The alternative marketing approach

When talking to customers you will discover two important points. Firstly, the belief in “one solution fits all” is wrong. Each customer has his own particular needs to satisfy and all are using the same product as a means only to their particular goal – satisfying their particular needs. These individual needs are a challenge to the marketer who needs to synthesize them into larger segments.

Secondly, and contrary to the logic approach of the commodity mindset, customers are motivated by emotion and not by logic. Luxury is doing exactly this.
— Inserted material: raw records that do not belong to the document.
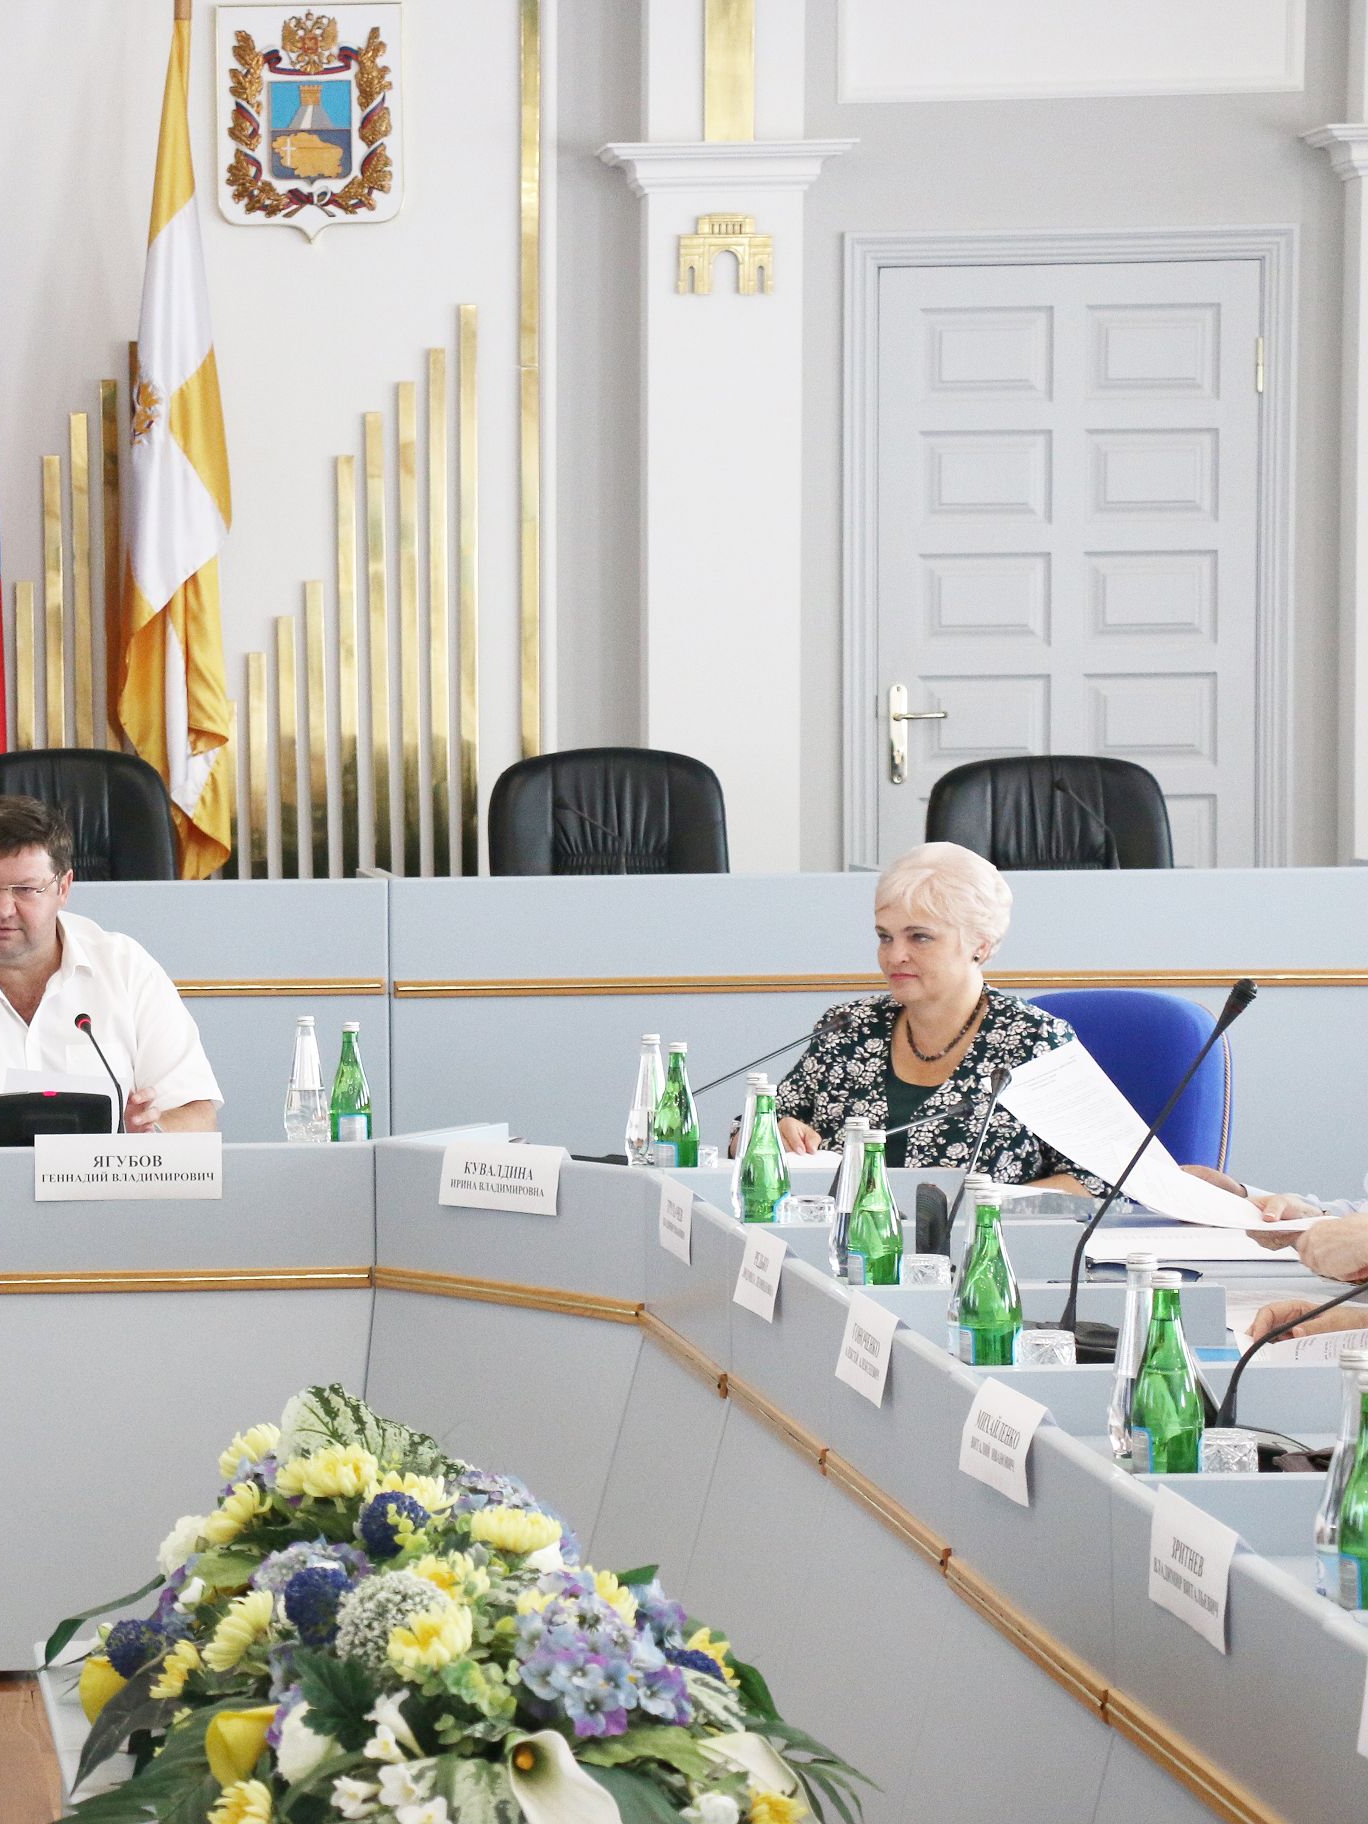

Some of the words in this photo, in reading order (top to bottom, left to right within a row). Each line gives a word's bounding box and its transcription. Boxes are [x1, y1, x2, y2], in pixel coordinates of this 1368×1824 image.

[93, 1154, 163, 1168] ЯГУБОВ
[464, 1161, 533, 1180] КУВАЛДИНА
[41, 1171, 108, 1183] ГЕННАДИЙ
[112, 1172, 214, 1183] ВЛАДИМИРОВИЧ
[450, 1178, 477, 1191] ИРИНА
[479, 1182, 545, 1198] ВЛАДИМИРОВНА
[976, 1409, 1021, 1450] МИХАЙЛЕНКО
[1171, 1536, 1204, 1577] ЗРИТНЕВ
It uses the bare product, the commodity as a platform for delivering the added value – answering to the emotional needs of the customer and cashing on it. Luxury is expensive because it is laden with emotional added-value.

In 1988, Mazda introduced its 626 model to the UK market, and it was compared to the Mercedes-Benz and BMW models that were sold for $49.000 or more. Mazda asked in its advertisements why customers pay extra money when they can get a similar car for less. Mazda missed the point. Though the 626, Mercedes-Benz, and BMW all offered a similar product, people would rather pay for the added value that the Mercedes-Benz and BMW offered that couldn’t be found in the 626.

Hence, the alternative marketing approach is luxury marketing or marketing based on principles of luxury. There is a fundamental difference between the commodity and the marketing approaches. The commodity approach is based on removing any chance for choice – one solution exists and it should satisfy all. On the other hand, the luxury approach is a tribute to the underlying quality of man – his ability to choose. Therefore, any luxury-type marketing offer is based on several good options to choose from.

For developing these options we start with careful market research that would reveal the subconscious, emotional needs of the customer. It follows with segmentation practice that will synthesize these various needs into large enough segments to market.

As a result, the company will have several products, each fitting a different segment’s emotional needs. Because of the emotional added-value of each offer the company will be able to raise its profit margins. The more laden with emotional added-value the offer is, the higher the margins will be.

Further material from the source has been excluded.